Fuji_10 『江戸名所図会』(3-p106)によれば、夕日の岡は、「明王院の後ろの方、西に向かへる岡をいへり。古へは楓樹数株(ふうじゅすちゅう)梢を交へ、晩秋の頃は紅葉(もみじ)夕日に映じ、奇観たりしとなり。されどいまは楓樹少なく、ただ名のみを存せり。」とあります。夕日に映った紅葉の名所であり、西を向く岡なので、富士の景観を楽しめる場所であることが判ります。本作品は、江戸百「目黒太鼓橋夕日の岡」と比べると、その情景がよく理解できます。すなわち、「目黒太鼓橋夕日の岡」は、太鼓橋を目黒川の上流方向から東方向を概観するもので、右隅に屋根が見える家がしるこ餅の正月屋です(『江戸名所図会』3-p112、p113参照)。これに対して、本作品は、夕日の岡から目黒川を横切って西方向を概観する構図において、富士を眺望しています。富士の麓の手前の森辺りが目黒不動尊のある場所です。
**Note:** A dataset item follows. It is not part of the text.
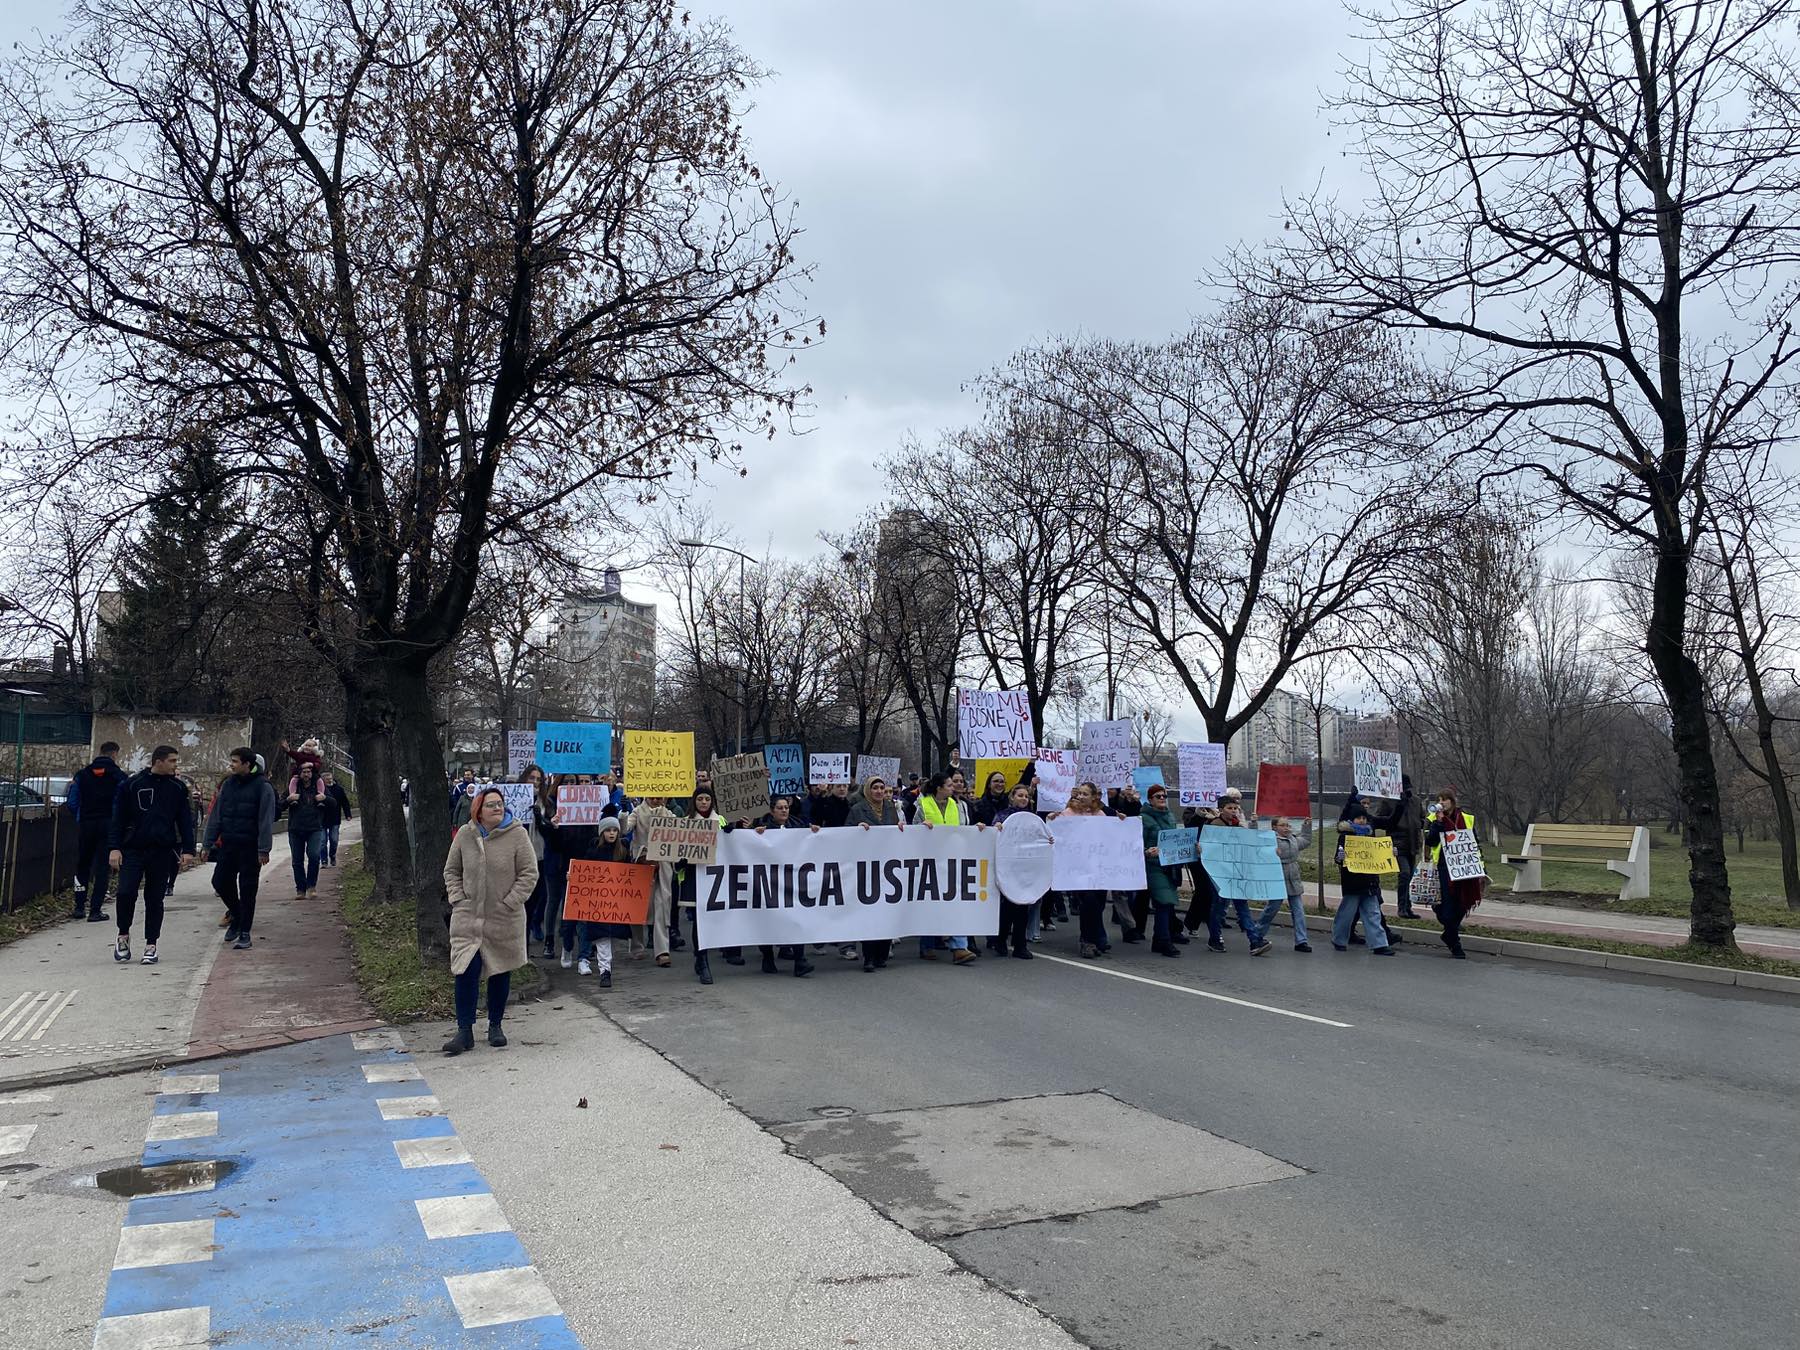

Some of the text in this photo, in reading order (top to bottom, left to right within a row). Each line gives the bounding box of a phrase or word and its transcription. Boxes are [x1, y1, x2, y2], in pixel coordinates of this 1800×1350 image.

本作品に紅葉が描かれているのも、かつて紅葉の名所であった記憶を元にしています。このように、本作品と江戸百とが季節柄や視点を棲み分けていることが判ります。


 江戸百には、目黒に関し、「目黒千代か池」、「目黒爺々が茶屋」、「目黒新富士」、「目黒太鼓橋夕日の岡」、「目黒元不二」等の作品があり、後ろの4作品は、目黒不動尊の御開帳を制作動機としていると考えられています。本作品も、この4作品と係わって、棲み分けされながら制作されたことが想像されます。また、広重『絵本江戸土産』では、目黒方面の作品を第3編で一度採り上げているのにもかかわらず、再度第7編でいくつかの作品を掲載しています。これは、『絵本江戸土産』第7編と江戸百および『冨士三十六景』との制作準備が重なったために生じた混乱か、もしくは、第7編制作のために手抜きしたのではないかと推測しています。
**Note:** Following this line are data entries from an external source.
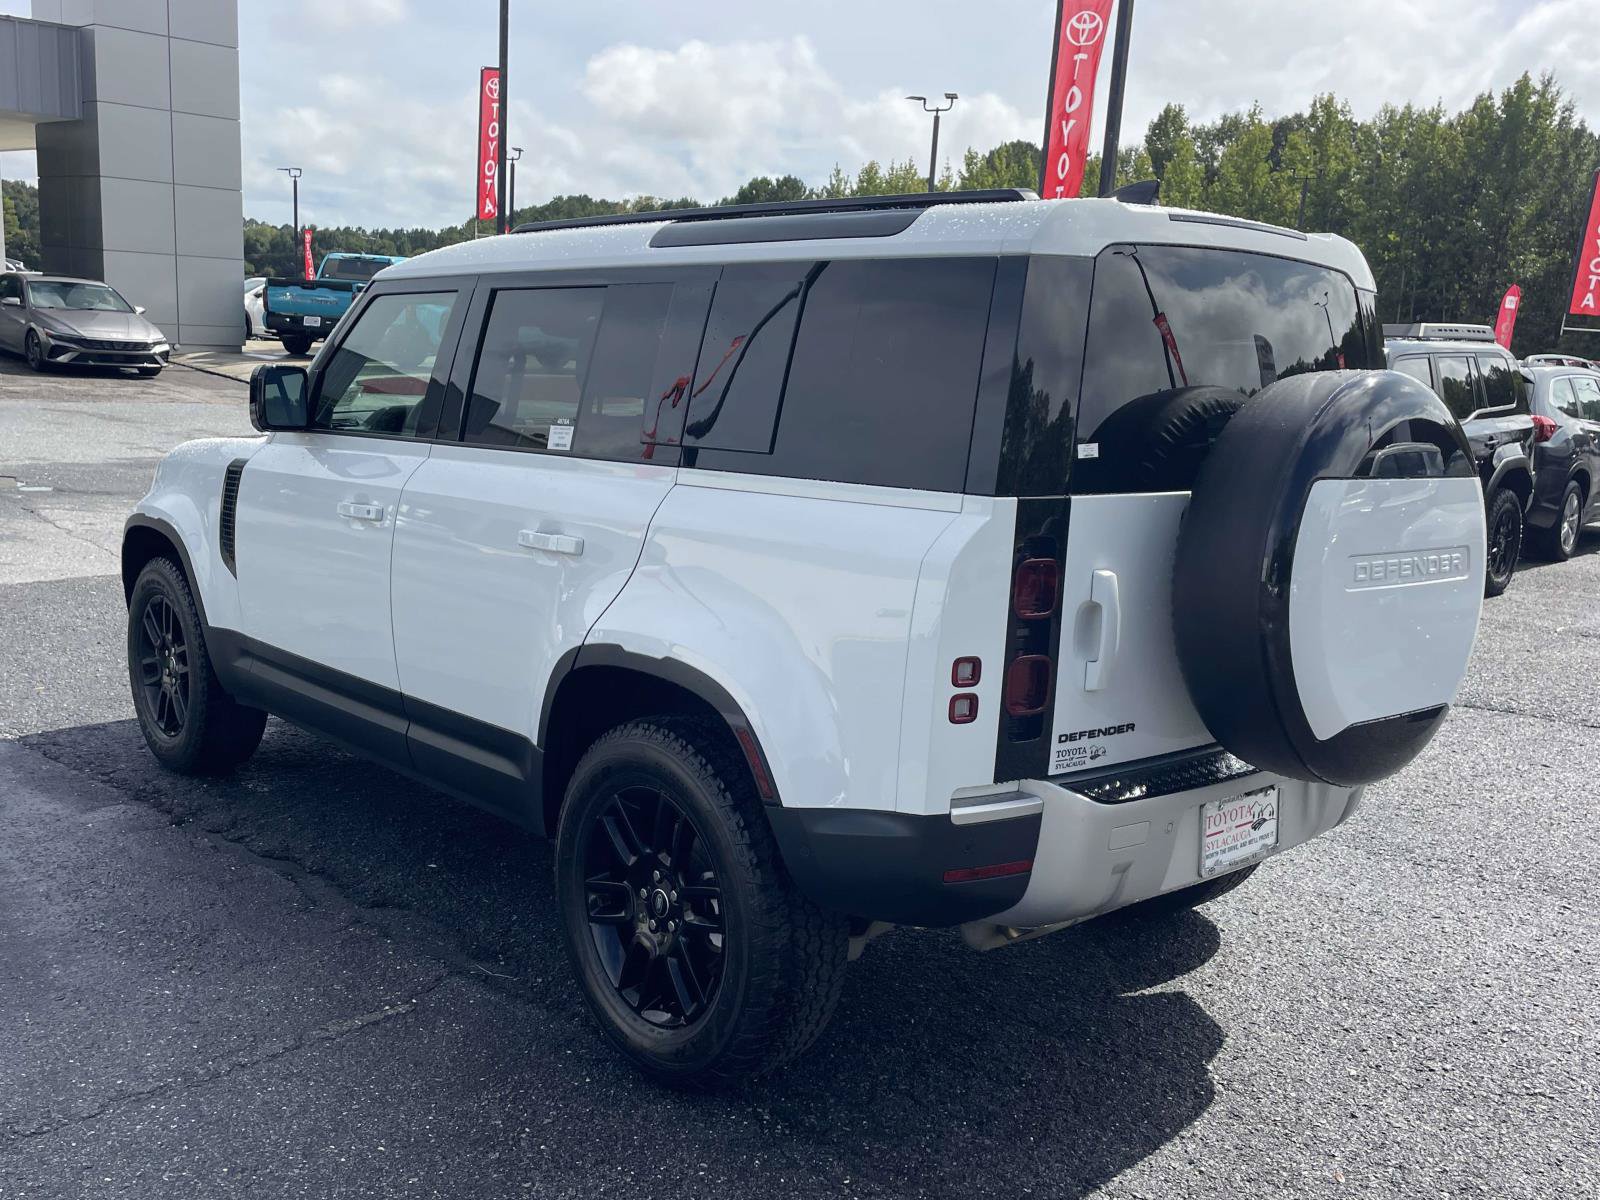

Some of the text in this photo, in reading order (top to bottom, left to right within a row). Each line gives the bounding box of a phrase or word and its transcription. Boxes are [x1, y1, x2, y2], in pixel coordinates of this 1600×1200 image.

[1056, 53, 1089, 199] TOYOT
[484, 102, 499, 214] TOYOTA
[1354, 553, 1462, 582] DEFENDER
[1058, 722, 1136, 744] DEFENDER
[1056, 746, 1087, 759] TOYOTA
[1055, 760, 1086, 770] SYLACAUGA
[1206, 804, 1252, 829] TOYOTA
[1206, 829, 1252, 851] SYLACAUGA
 『不二三十六景』には、「東都目黒千代が崎」という作品があります。これは、『絵本江戸土産』第3編「千代ヶ崎風景」と制作時期が同じ頃と考えられることから、両作品には深い関連性があるはずです。夕日の岡から続く丘陵地からの富士の眺めです。紅葉の風景という点では、共通しています。


Hokusai22 ところで、北斎『冨嶽三十六景』「下目黒」も、やはり、目黒台地から西方に富士を眺める作品の1つです。千住とならんで、目黒は富士講の中心地ですから、北斎が富士の作品を残すのは当然です。丘陵地に展開する畑地の向こうに小さく富士を覗かせる構図です。富士を丘、畑、家の屋根の1つとでも見まごう程の扱いです。富士を開削の神と考えれば、近景に広がる、この畑地風景こそ富士世界です。富士講中興の祖・食行身禄を念頭に置けば、食を支える畑地風景として、やはり、富士の御利益世界と考えることができます。単純な風景と見ては、北斎作品の意味は判らないでしょう。